When Do You Kickoff a (Customer) Problem Discovery Study?

Answer: Continuously - throughout the product development cycle.

As product development has become easier, the battle for attention has become harder.

More products = more choices for customers = more switching behavior.

It helps to think of innovation as either causing a switch or preventing a switch.

  • When you acquire a new customer, you cause a switch — from their old way (existing alternative) of getting a job done to your new way.
  • When you retain a customer, you’re effectively preventing a switch — away from your way (their now-existing alternative) to another new way (your competitor’s).

The best way to cause and prevent switching isn’t by imposing draconian policies that make switching harder.
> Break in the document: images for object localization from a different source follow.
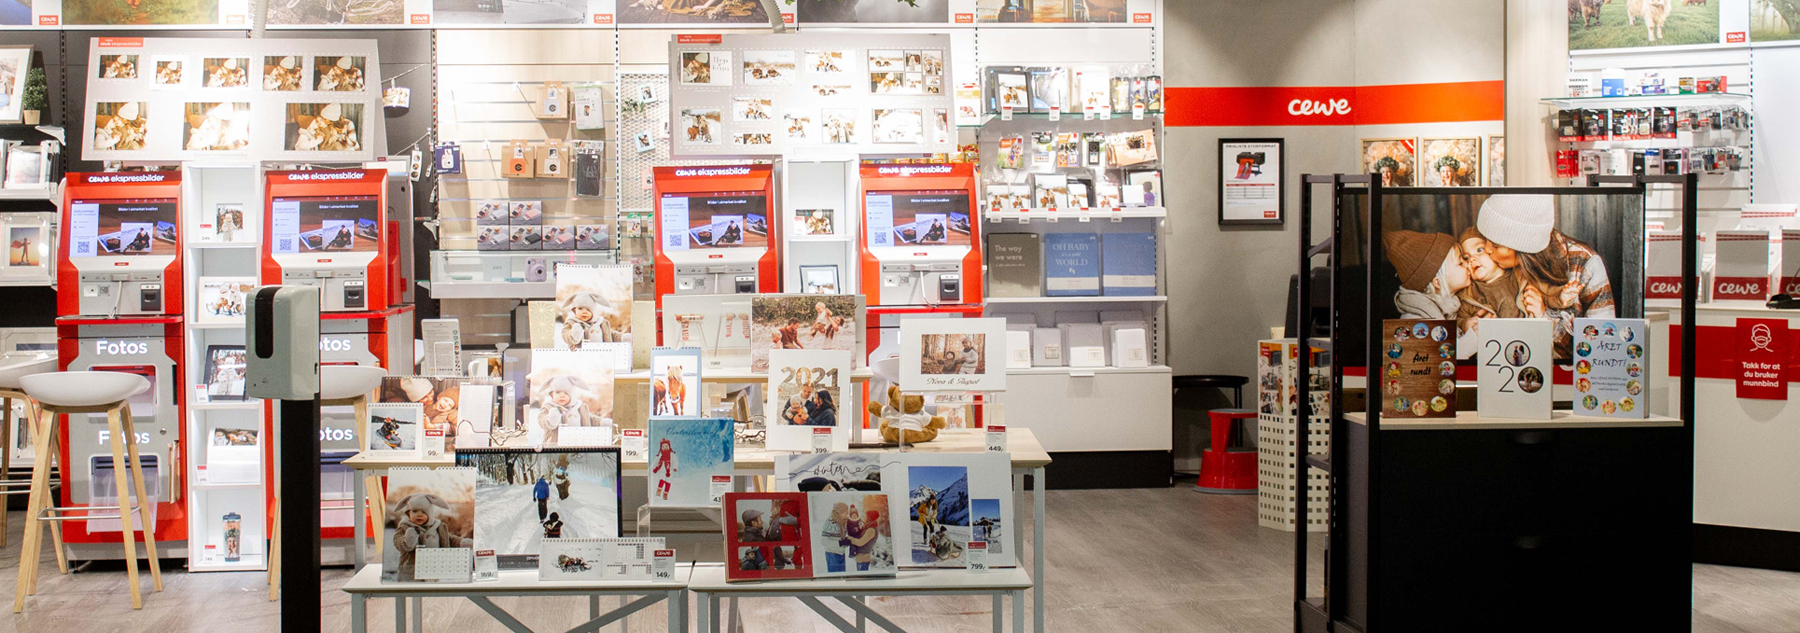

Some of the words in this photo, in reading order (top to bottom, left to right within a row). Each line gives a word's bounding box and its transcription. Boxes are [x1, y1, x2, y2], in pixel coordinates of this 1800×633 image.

[1288, 96, 1351, 117] cewe
[311, 171, 364, 181] ekspressbilder
[697, 167, 751, 177] ekspressbilder
[110, 174, 164, 183] ekspressbilder
[994, 244, 1006, 252] The
[1007, 246, 1023, 254] way
[1052, 243, 1067, 251] OH
[1067, 243, 1090, 251] BABY
[1055, 258, 1089, 266] WORLD
[1650, 282, 1682, 294] cew
[1718, 282, 1760, 295] cewe
[1786, 282, 1800, 294] ce
[96, 340, 148, 355] Fotos
[1412, 350, 1429, 363] Året
[1591, 358, 1627, 368] RUNDT!
[1742, 361, 1760, 370] Takk
[1760, 362, 1772, 370] for
[1410, 366, 1432, 376] rundt
[1754, 371, 1779, 379] bruker
[781, 366, 839, 389] 2021
[1742, 380, 1779, 388] munnbind
[98, 430, 150, 445] Fts
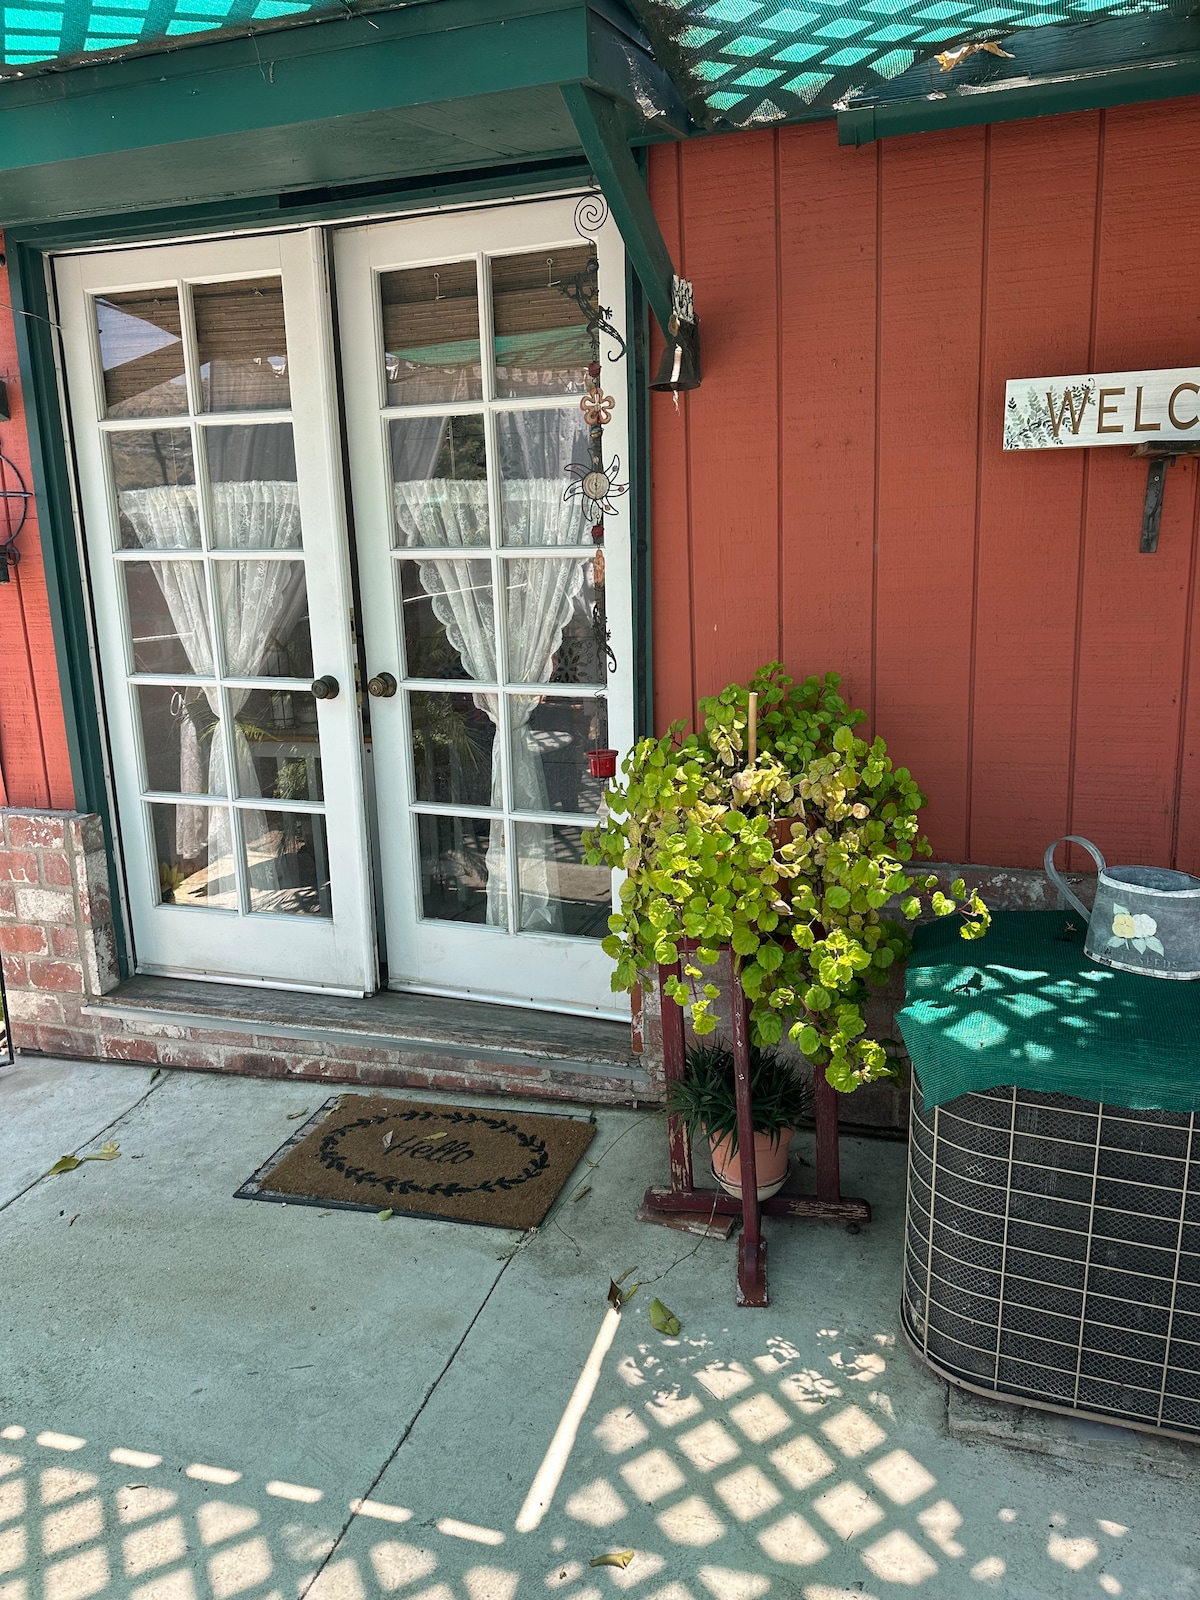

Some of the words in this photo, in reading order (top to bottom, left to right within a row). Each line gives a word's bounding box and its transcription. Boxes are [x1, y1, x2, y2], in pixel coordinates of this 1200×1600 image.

[1045, 382, 1200, 438] WELC
[1139, 957, 1179, 969] SEEDS
[382, 1134, 475, 1165] Hello
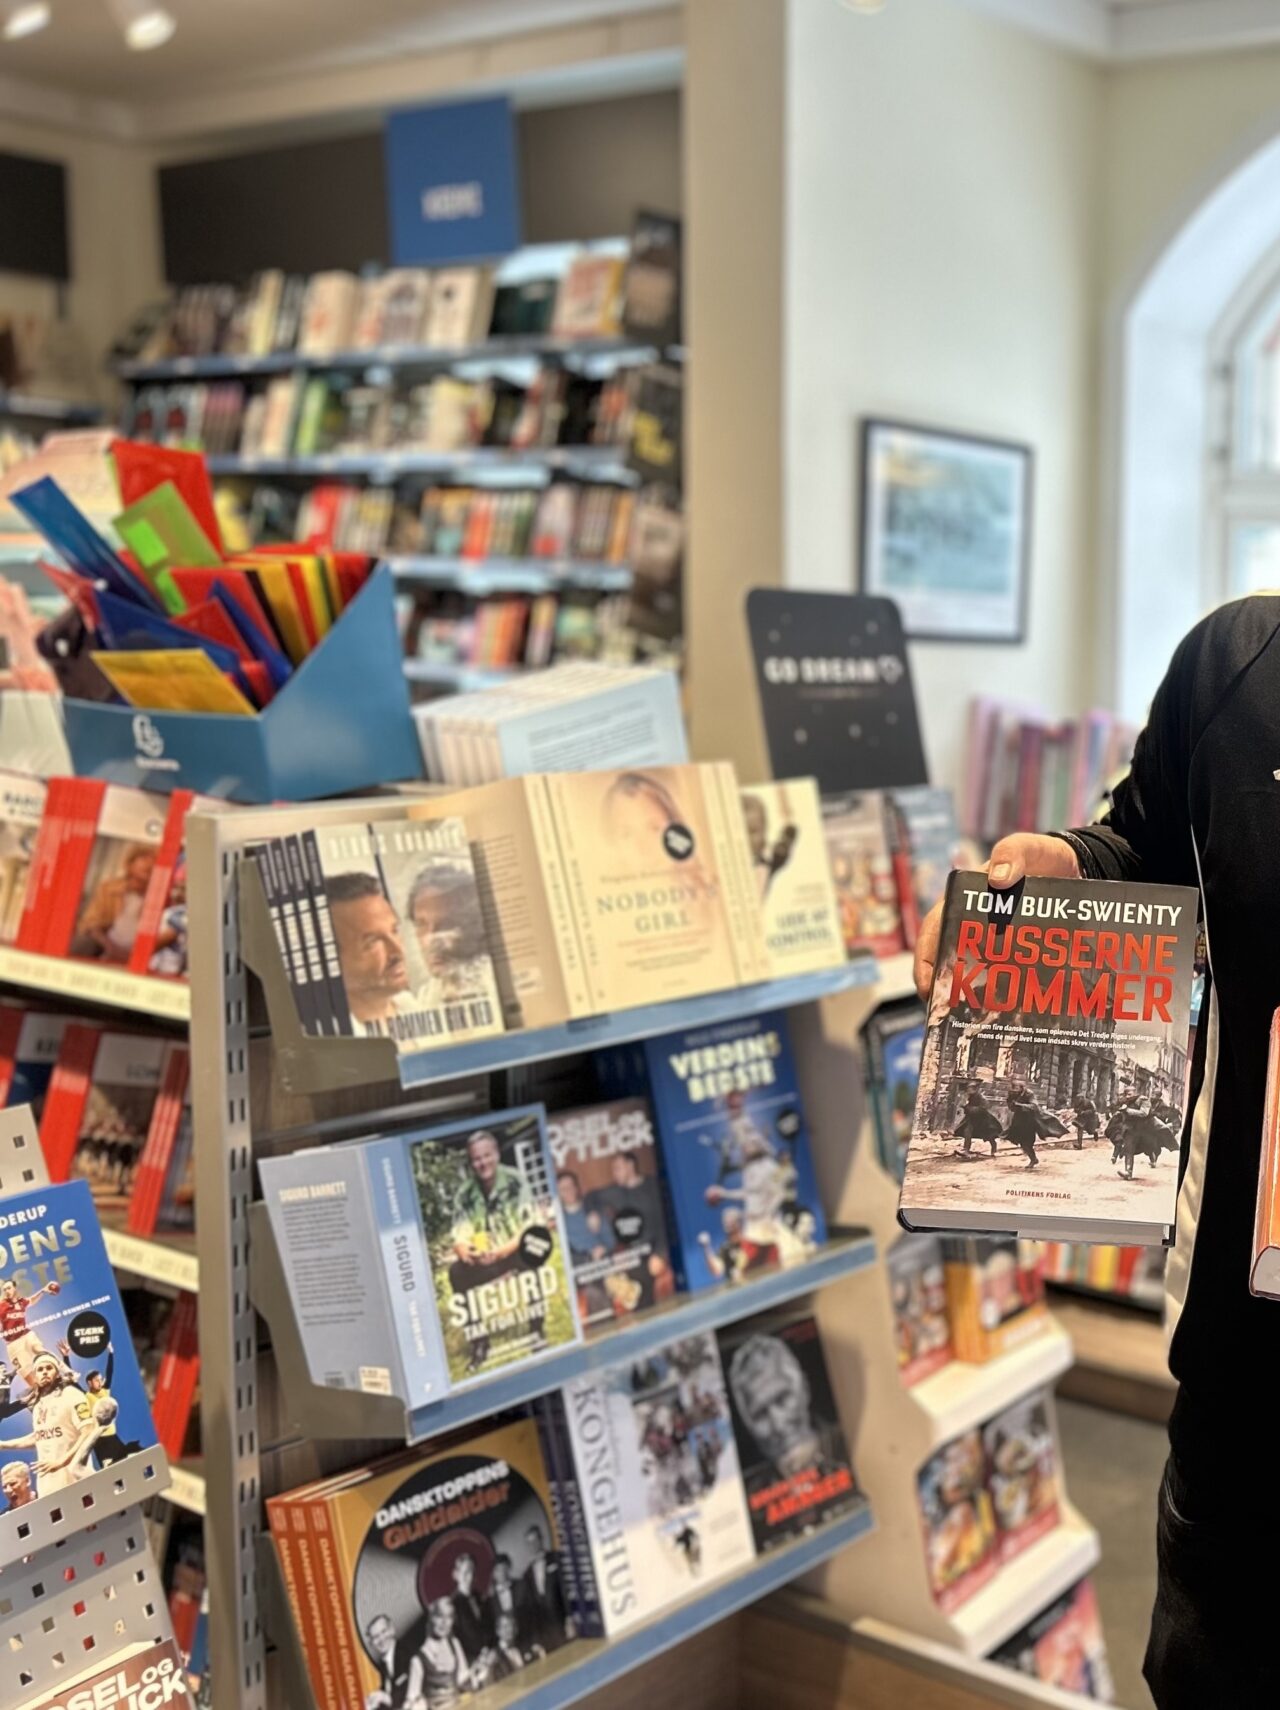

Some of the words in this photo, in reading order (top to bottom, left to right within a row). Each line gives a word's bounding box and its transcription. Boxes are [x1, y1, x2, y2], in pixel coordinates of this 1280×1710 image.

[963, 890, 1014, 915] TOM
[1021, 896, 1182, 926] BUK-SWIENTY
[957, 920, 1178, 974] RUSSERNE
[948, 958, 1173, 1023] KOMMER
[977, 1032, 994, 1040] mens
[995, 1032, 1003, 1040] de
[1004, 1032, 1018, 1041] med
[1019, 1033, 1033, 1042] livet
[1034, 1036, 1047, 1044] som
[1048, 1036, 1070, 1046] indsats
[993, 1023, 1004, 1031] fire
[1078, 1029, 1089, 1038] Det
[550, 1121, 655, 1168] YTLICK
[1005, 1189, 1044, 1198] POLITIKENS
[0, 1204, 47, 1230] DERUP
[393, 1235, 416, 1292] SIGURD
[448, 1265, 558, 1327] SIGURD
[73, 1325, 105, 1337] STÆRK
[79, 1335, 100, 1346] PRIS
[464, 1321, 489, 1342] TAK
[375, 1460, 510, 1530] DANSKTOPPENS
[572, 1385, 638, 1618] KONGEHUS
[318, 1537, 348, 1645] DANSKTOPPENS
[338, 1646, 361, 1710] GULDALD
[141, 1658, 174, 1684] OG
[316, 1646, 339, 1710] GULDALD
It’s by helping your customers achieve their desired outcomes better, i.e. get the job done with the least amount of struggle (friction).

You do this by continuously outlearning your competition — first to uncover problem/solution combinations to cause a switch, then to uncover problem/solution combinations to prevent a switch.

This is the essence of continuous innovation.

And it’s done continuously throughout the product development cycle versus just at the outset of the product launch (before problem/solution fit).

And, so it follows that if you want to stay relevant to your customers, you need to build a keystone habit around continuous discovery / continuous interviewing.

The Universal Goal of All Problem Discovery Interviews

At a macro level, the universal goal of all Problem Discovery interviews is to understand

  • what causes people to start a job (job trigger),
  • what are they trying to achieve (desired outcome), and
  • where they struggle (problems).

Contrary to popular belief, you don’t need to conduct hundreds of interviews to uncover these insights. There is an 80/20 rule to problem discovery where 80% of the insights typically surface after just 10-20 interviews.

A Catalog of Possible Types of Problem Discovery Interviews

While the universal goal of problem discovery interviews is the same, what’s different over the product lifecycle is

  • who you study,
  • which products you study, and sometimes
  • what aspirational jobs you study.

In the next few sections, I’ll catalog five different Problem Discovery interview types broken out by situation, motivation, and desired outcomes, which should answer when, why, and a bit of how you run them:

  1. Aspirational Job Discovery Interview
  2. Existing Alternative Discovery Interview
  3. New Customer Discovery Interview
  4. Best Customer Discovery Interview
  5. Lost Customer Discovery Interview

Let’s cover each one.

1. Aspirational Job Discovery Interview

This type of interview is typically used at the ideation or business model opportunity mapping stage of a project. It could potentially be used to launch a new epic feature, although I find the next interview type to be a better fit in most cases.

JOB STORY:

When I am searching for new business model opportunities and constrained by a customer segment (or industry), I want to serve e.g. people with a chronic condition,

I want to understand how this customer segment attempts to get an aspirational job done e.g. lives with/copes with the chronic condition,

So I can uncover unmet needs and wants (struggle) to feed into my business model design blueprint.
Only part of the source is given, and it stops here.